━━━ RECORDS FOR PROCESSING ━━━
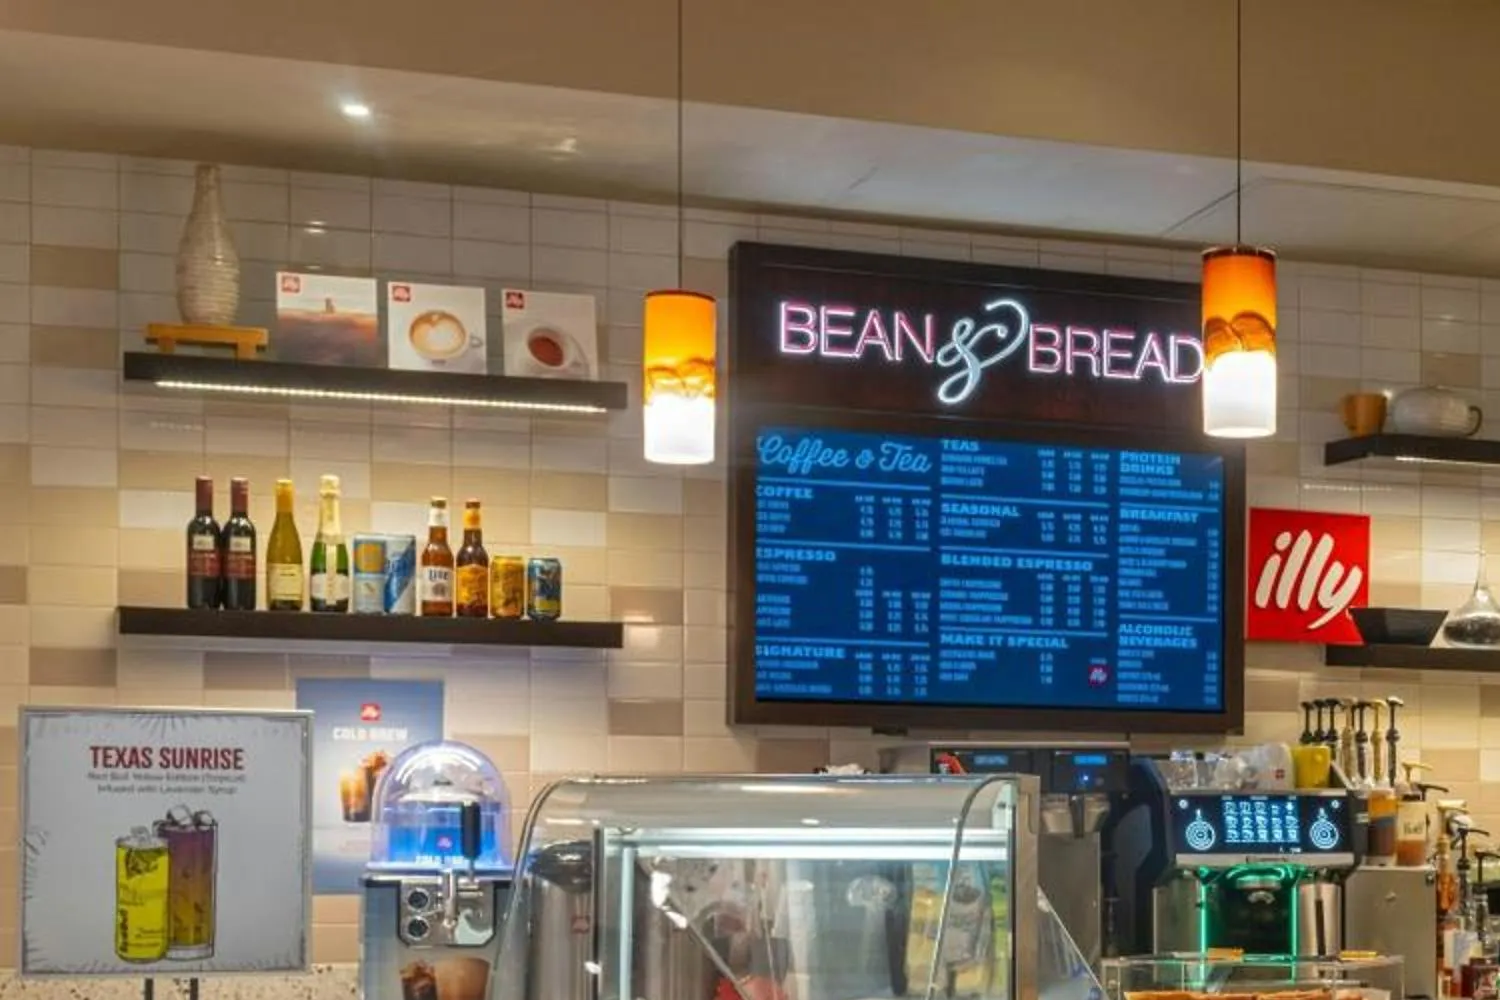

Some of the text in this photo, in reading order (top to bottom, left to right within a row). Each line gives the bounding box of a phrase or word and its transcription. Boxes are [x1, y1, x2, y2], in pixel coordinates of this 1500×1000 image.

[779, 298, 1204, 403] BEAN & BREAD
[941, 438, 980, 453] TEAS
[756, 434, 849, 475] Coffee
[879, 441, 932, 474] Tea
[756, 484, 814, 499] COFFEE
[940, 502, 1021, 518] SEASONAL
[756, 547, 837, 562] ESPRESSO
[941, 553, 1093, 571] BLENDED ESPRESSO
[1255, 529, 1363, 630] illy
[940, 634, 1070, 650] MAKE IT SPECIAL
[756, 644, 846, 659] SIGNATURE
[332, 726, 409, 742] COLD BREW
[89, 745, 245, 771] TEXAS SUNRISE
━━━
> **EXERCISE AIM**: What is needed is a word-for-word copy of the records above, excluding pictures.

> **PROBLEM SOLUTION**:
Some of the text in this photo, in reading order (top to bottom, left to right within a row). Each line gives the bounding box of a phrase or word and its transcription. Boxes are [x1, y1, x2, y2], in pixel coordinates of this 1500×1000 image.

[779, 298, 1204, 403] BEAN & BREAD
[941, 438, 980, 453] TEAS
[756, 434, 849, 475] Coffee
[879, 441, 932, 474] Tea
[756, 484, 814, 499] COFFEE
[940, 502, 1021, 518] SEASONAL
[756, 547, 837, 562] ESPRESSO
[941, 553, 1093, 571] BLENDED ESPRESSO
[1255, 529, 1363, 630] illy
[940, 634, 1070, 650] MAKE IT SPECIAL
[756, 644, 846, 659] SIGNATURE
[332, 726, 409, 742] COLD BREW
[89, 745, 245, 771] TEXAS SUNRISE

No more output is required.